I just read that Skye Gyngell’s new restaurant opens today at Somerset House in London. Whenever I think of that beautiful building, I think back to a moment in December 2005 when I stood in front of it, watching the ice skaters whizz by on the temporary outdoor skating rink installed for the winter. Skye Gyngell, by the way, used to run the kitchen at Petersham Nurseries Cafe so I can only imagine how great this new restaurant will be in this exquisite setting. But back to her later.
I know I sound like a total glutton because of the way I talk and write about eating (like in my last post), but I’ve been thinking that beyond the obvious pleasurable aspects of eating, it’s a great way to frame travel experiences because it gives you something tangible to remember about a particular day, a memory that involves all the senses. Otherwise travel, just like daily life, has a way of becoming blurry, where time is totally unaccountable — which is of course part of the joy of it all. There’s a wonderful line by an Italian writer named Cesare Pavese I often meditate on, and perhaps more often as I’ve gotten older: “We do not remember days, we remember moments”. Travel is full of such moments, and that’s why eating while on the road can be so great.
(All of this also connects a little to a compelling new podcast called Serial I’ve been listening to, which centres on a murder from the late 90s. The argument is that it essentially boils down to a window of 21 minutes on a particular day, which are difficult to account for — truly, it’s easy to forget whole chunks of one’s life. It’s not always possible to come up with an iron-clad alibi, if you can even remember what you were doing. Often we’re left with moments, fragments.)
There are of course many different kinds of food experiences to be had. I particularly love street food experiences and some of my best memories involves occasions like eating from The Halal Guys in New York, or munching on a fish kebab by the Bosphorus River in Istanbul. I tend to eat cheaply, because the most expensive meals are not necessarily the ones that hit the spot. But there are times when those fine dining occasions really shine.

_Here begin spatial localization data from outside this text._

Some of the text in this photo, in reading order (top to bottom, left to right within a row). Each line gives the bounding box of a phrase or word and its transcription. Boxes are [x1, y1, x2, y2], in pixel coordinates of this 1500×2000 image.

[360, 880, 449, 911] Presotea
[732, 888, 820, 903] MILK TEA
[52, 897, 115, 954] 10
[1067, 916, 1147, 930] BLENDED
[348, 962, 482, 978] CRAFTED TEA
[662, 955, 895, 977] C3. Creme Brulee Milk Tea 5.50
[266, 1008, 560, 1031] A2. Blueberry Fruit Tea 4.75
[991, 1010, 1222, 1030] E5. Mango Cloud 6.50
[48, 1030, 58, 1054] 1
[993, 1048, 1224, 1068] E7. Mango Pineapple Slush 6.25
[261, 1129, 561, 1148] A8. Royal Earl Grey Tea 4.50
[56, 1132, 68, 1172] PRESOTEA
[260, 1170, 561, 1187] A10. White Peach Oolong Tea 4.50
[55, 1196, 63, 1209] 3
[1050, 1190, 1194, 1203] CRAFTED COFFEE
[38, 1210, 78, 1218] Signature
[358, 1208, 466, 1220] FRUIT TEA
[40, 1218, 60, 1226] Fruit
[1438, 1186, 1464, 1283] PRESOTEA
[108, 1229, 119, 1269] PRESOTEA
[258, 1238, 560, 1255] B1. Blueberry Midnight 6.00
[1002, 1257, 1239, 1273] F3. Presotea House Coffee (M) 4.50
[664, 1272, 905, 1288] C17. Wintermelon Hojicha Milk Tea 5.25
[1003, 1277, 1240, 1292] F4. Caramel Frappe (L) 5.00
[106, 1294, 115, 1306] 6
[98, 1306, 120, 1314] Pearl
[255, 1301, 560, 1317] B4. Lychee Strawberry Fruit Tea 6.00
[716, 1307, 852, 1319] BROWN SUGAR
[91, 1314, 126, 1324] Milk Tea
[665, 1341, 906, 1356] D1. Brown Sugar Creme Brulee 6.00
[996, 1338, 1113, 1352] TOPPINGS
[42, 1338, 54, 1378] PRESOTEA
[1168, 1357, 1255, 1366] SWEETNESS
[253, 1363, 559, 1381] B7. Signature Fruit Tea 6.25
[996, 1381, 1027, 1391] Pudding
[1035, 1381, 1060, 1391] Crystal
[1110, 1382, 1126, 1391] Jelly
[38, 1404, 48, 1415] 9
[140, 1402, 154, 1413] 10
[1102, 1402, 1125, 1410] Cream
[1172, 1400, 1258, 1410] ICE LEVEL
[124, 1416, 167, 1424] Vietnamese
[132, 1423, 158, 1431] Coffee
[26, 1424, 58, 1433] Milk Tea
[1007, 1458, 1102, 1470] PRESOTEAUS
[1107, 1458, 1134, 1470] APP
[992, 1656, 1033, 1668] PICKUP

Last year we went to Quay, one of the best restaurants in Australia. I can’t remember everything I ate, except for what I wrote down and photographed, like fragrant poached chicken served with white radish, sea scallops, smoked eggplant cream, pea blossoms; as well as smoked and confit pig cheek, shiitake, shaved scallops, Jerusalem artichoke leaves, bay and juniper. A decadent wedding present from work friends. A month later, on our honeymoon, we visited a chic restaurant in Tokyo called L’As, also a thoughtful wedding present. The meal was, hands down, one of the best degustations I’ve ever had. That night we stumbled home with full tummies, drunk on good wine.
In terms of Michelin-starred restaurants, I’ve been to two: a two-starred one in Paris called La Bigarrade (which I created a photo essay about), and Petersham Nurseries Cafe, which I mentioned earlier. At the time, the latter had one Michelin star, but recently lost its star after head chef Skye Gyngell left in 2012. Apparently those who specifically went out of their way to eat at the famed restaurant were disappointed by it, but I have nothing but high praise after my August 2011 visit. Before then I’d known about Skye Gyngell for some years through her writing in delicious magazine and her cookbooks, loving her philosophy of cooking.
We caught the train out to Richmond, a well-heeled town just outside of London on the banks of the Thames. It was overcast, raining on and off, which I remember well because we ended up walking down a muddy path in a field. I was annoyed that I had on my brand new brown leather shoes, which I was wearing for the first time…but the story has a happy ending. That lunch at Petersham Nurseries Cafe was one of the best meals I’ve ever had — foodgasm-inducing, even. The fare was well-presented, putting seasonal ingredients firmly at the centre. We drank the delicious house lemonade, shared an entree-sized plate of handmade tagliatelle tossed with saffron, raisins, and pine nuts, and ordered a different main each. One of the mains is pictured above, whereas mine, below, was a dish combining two of my all-time favourite ingredients: quail and corn. I picked those bones clean, savouring every mouthful.
There’s a special satisfaction from fulfilling a long-held desire. To look forward to something for years and years, and have it be everything you hoped for and more — well, those are the moments you really remember.